[Data provided]
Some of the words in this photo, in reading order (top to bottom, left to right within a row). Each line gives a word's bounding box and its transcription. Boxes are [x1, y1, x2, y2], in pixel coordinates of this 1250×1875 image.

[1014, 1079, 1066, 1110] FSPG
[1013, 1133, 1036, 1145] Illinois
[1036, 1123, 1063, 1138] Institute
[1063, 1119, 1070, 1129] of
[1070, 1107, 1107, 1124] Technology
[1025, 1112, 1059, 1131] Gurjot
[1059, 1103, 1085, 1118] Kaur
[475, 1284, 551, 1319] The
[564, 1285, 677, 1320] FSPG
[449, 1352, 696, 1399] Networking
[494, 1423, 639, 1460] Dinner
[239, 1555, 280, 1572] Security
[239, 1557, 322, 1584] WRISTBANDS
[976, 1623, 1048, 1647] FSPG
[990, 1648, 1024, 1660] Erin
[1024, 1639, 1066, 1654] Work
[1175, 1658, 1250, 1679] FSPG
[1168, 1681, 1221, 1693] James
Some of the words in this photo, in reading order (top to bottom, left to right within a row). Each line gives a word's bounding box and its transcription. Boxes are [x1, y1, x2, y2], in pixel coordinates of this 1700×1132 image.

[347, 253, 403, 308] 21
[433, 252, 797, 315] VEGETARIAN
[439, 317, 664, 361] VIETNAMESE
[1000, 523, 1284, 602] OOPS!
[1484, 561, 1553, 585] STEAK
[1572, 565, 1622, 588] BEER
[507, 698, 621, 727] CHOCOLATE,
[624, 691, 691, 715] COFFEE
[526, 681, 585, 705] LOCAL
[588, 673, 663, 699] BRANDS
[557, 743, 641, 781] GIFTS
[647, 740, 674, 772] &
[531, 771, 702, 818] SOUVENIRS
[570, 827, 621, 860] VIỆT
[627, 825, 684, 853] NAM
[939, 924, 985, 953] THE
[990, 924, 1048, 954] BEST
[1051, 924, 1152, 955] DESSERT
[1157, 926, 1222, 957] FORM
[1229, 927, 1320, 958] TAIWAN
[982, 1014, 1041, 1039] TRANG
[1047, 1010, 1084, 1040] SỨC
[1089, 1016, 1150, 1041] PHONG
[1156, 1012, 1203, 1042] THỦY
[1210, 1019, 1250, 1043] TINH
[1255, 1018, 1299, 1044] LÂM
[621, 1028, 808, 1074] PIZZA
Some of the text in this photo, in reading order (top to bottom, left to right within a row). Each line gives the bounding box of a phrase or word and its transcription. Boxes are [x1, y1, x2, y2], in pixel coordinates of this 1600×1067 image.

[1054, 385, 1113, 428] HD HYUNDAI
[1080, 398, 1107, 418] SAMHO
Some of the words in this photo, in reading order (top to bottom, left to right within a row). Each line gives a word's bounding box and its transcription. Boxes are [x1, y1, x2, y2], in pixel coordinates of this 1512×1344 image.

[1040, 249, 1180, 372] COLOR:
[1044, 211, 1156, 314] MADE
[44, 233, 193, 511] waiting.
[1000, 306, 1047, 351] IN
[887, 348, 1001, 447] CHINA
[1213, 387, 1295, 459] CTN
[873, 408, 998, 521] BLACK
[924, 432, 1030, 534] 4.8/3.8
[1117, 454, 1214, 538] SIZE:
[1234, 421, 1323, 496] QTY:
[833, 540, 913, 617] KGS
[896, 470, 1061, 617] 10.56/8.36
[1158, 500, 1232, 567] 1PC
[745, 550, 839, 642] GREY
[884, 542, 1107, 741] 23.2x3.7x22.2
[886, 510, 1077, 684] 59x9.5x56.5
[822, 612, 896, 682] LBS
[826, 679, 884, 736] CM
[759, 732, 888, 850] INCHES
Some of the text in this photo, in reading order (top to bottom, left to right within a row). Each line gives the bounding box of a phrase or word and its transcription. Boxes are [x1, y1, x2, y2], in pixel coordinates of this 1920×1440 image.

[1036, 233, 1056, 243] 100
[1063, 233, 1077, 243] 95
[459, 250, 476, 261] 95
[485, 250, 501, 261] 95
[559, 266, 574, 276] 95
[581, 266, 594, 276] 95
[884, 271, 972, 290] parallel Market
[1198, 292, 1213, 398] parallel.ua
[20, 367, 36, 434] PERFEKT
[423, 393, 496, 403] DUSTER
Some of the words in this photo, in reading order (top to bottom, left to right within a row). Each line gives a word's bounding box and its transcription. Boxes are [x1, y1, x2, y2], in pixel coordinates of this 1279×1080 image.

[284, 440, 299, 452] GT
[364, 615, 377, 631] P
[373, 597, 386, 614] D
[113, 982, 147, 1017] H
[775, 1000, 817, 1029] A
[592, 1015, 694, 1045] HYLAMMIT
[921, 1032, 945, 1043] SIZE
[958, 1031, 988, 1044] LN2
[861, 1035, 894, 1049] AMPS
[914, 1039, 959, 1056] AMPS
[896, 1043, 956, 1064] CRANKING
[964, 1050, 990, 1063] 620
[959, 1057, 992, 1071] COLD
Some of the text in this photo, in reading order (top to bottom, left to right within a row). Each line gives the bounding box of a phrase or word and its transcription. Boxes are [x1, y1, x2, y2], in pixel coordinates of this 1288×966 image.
[/Data provided]
Required work: Reproduce each entry above character for character.

Result of the task:
Some of the words in this photo, in reading order (top to bottom, left to right within a row). Each line gives a word's bounding box and its transcription. Boxes are [x1, y1, x2, y2], in pixel coordinates of this 1250×1875 image.

[1014, 1079, 1066, 1110] FSPG
[1013, 1133, 1036, 1145] Illinois
[1036, 1123, 1063, 1138] Institute
[1063, 1119, 1070, 1129] of
[1070, 1107, 1107, 1124] Technology
[1025, 1112, 1059, 1131] Gurjot
[1059, 1103, 1085, 1118] Kaur
[475, 1284, 551, 1319] The
[564, 1285, 677, 1320] FSPG
[449, 1352, 696, 1399] Networking
[494, 1423, 639, 1460] Dinner
[239, 1555, 280, 1572] Security
[239, 1557, 322, 1584] WRISTBANDS
[976, 1623, 1048, 1647] FSPG
[990, 1648, 1024, 1660] Erin
[1024, 1639, 1066, 1654] Work
[1175, 1658, 1250, 1679] FSPG
[1168, 1681, 1221, 1693] James
Some of the words in this photo, in reading order (top to bottom, left to right within a row). Each line gives a word's bounding box and its transcription. Boxes are [x1, y1, x2, y2], in pixel coordinates of this 1700×1132 image.

[347, 253, 403, 308] 21
[433, 252, 797, 315] VEGETARIAN
[439, 317, 664, 361] VIETNAMESE
[1000, 523, 1284, 602] OOPS!
[1484, 561, 1553, 585] STEAK
[1572, 565, 1622, 588] BEER
[507, 698, 621, 727] CHOCOLATE,
[624, 691, 691, 715] COFFEE
[526, 681, 585, 705] LOCAL
[588, 673, 663, 699] BRANDS
[557, 743, 641, 781] GIFTS
[647, 740, 674, 772] &
[531, 771, 702, 818] SOUVENIRS
[570, 827, 621, 860] VIỆT
[627, 825, 684, 853] NAM
[939, 924, 985, 953] THE
[990, 924, 1048, 954] BEST
[1051, 924, 1152, 955] DESSERT
[1157, 926, 1222, 957] FORM
[1229, 927, 1320, 958] TAIWAN
[982, 1014, 1041, 1039] TRANG
[1047, 1010, 1084, 1040] SỨC
[1089, 1016, 1150, 1041] PHONG
[1156, 1012, 1203, 1042] THỦY
[1210, 1019, 1250, 1043] TINH
[1255, 1018, 1299, 1044] LÂM
[621, 1028, 808, 1074] PIZZA
Some of the text in this photo, in reading order (top to bottom, left to right within a row). Each line gives the bounding box of a phrase or word and its transcription. Boxes are [x1, y1, x2, y2], in pixel coordinates of this 1600×1067 image.

[1054, 385, 1113, 428] HD HYUNDAI
[1080, 398, 1107, 418] SAMHO
Some of the words in this photo, in reading order (top to bottom, left to right within a row). Each line gives a word's bounding box and its transcription. Boxes are [x1, y1, x2, y2], in pixel coordinates of this 1512×1344 image.

[1040, 249, 1180, 372] COLOR:
[1044, 211, 1156, 314] MADE
[44, 233, 193, 511] waiting.
[1000, 306, 1047, 351] IN
[887, 348, 1001, 447] CHINA
[1213, 387, 1295, 459] CTN
[873, 408, 998, 521] BLACK
[924, 432, 1030, 534] 4.8/3.8
[1117, 454, 1214, 538] SIZE:
[1234, 421, 1323, 496] QTY:
[833, 540, 913, 617] KGS
[896, 470, 1061, 617] 10.56/8.36
[1158, 500, 1232, 567] 1PC
[745, 550, 839, 642] GREY
[884, 542, 1107, 741] 23.2x3.7x22.2
[886, 510, 1077, 684] 59x9.5x56.5
[822, 612, 896, 682] LBS
[826, 679, 884, 736] CM
[759, 732, 888, 850] INCHES
Some of the text in this photo, in reading order (top to bottom, left to right within a row). Each line gives the bounding box of a phrase or word and its transcription. Boxes are [x1, y1, x2, y2], in pixel coordinates of this 1920×1440 image.

[1036, 233, 1056, 243] 100
[1063, 233, 1077, 243] 95
[459, 250, 476, 261] 95
[485, 250, 501, 261] 95
[559, 266, 574, 276] 95
[581, 266, 594, 276] 95
[884, 271, 972, 290] parallel Market
[1198, 292, 1213, 398] parallel.ua
[20, 367, 36, 434] PERFEKT
[423, 393, 496, 403] DUSTER
Some of the words in this photo, in reading order (top to bottom, left to right within a row). Each line gives a word's bounding box and its transcription. Boxes are [x1, y1, x2, y2], in pixel coordinates of this 1279×1080 image.

[284, 440, 299, 452] GT
[364, 615, 377, 631] P
[373, 597, 386, 614] D
[113, 982, 147, 1017] H
[775, 1000, 817, 1029] A
[592, 1015, 694, 1045] HYLAMMIT
[921, 1032, 945, 1043] SIZE
[958, 1031, 988, 1044] LN2
[861, 1035, 894, 1049] AMPS
[914, 1039, 959, 1056] AMPS
[896, 1043, 956, 1064] CRANKING
[964, 1050, 990, 1063] 620
[959, 1057, 992, 1071] COLD
Some of the text in this photo, in reading order (top to bottom, left to right within a row). Each line gives the bounding box of a phrase or word and its transcription. Boxes are [x1, y1, x2, y2], in pixel coordinates of this 1288×966 image.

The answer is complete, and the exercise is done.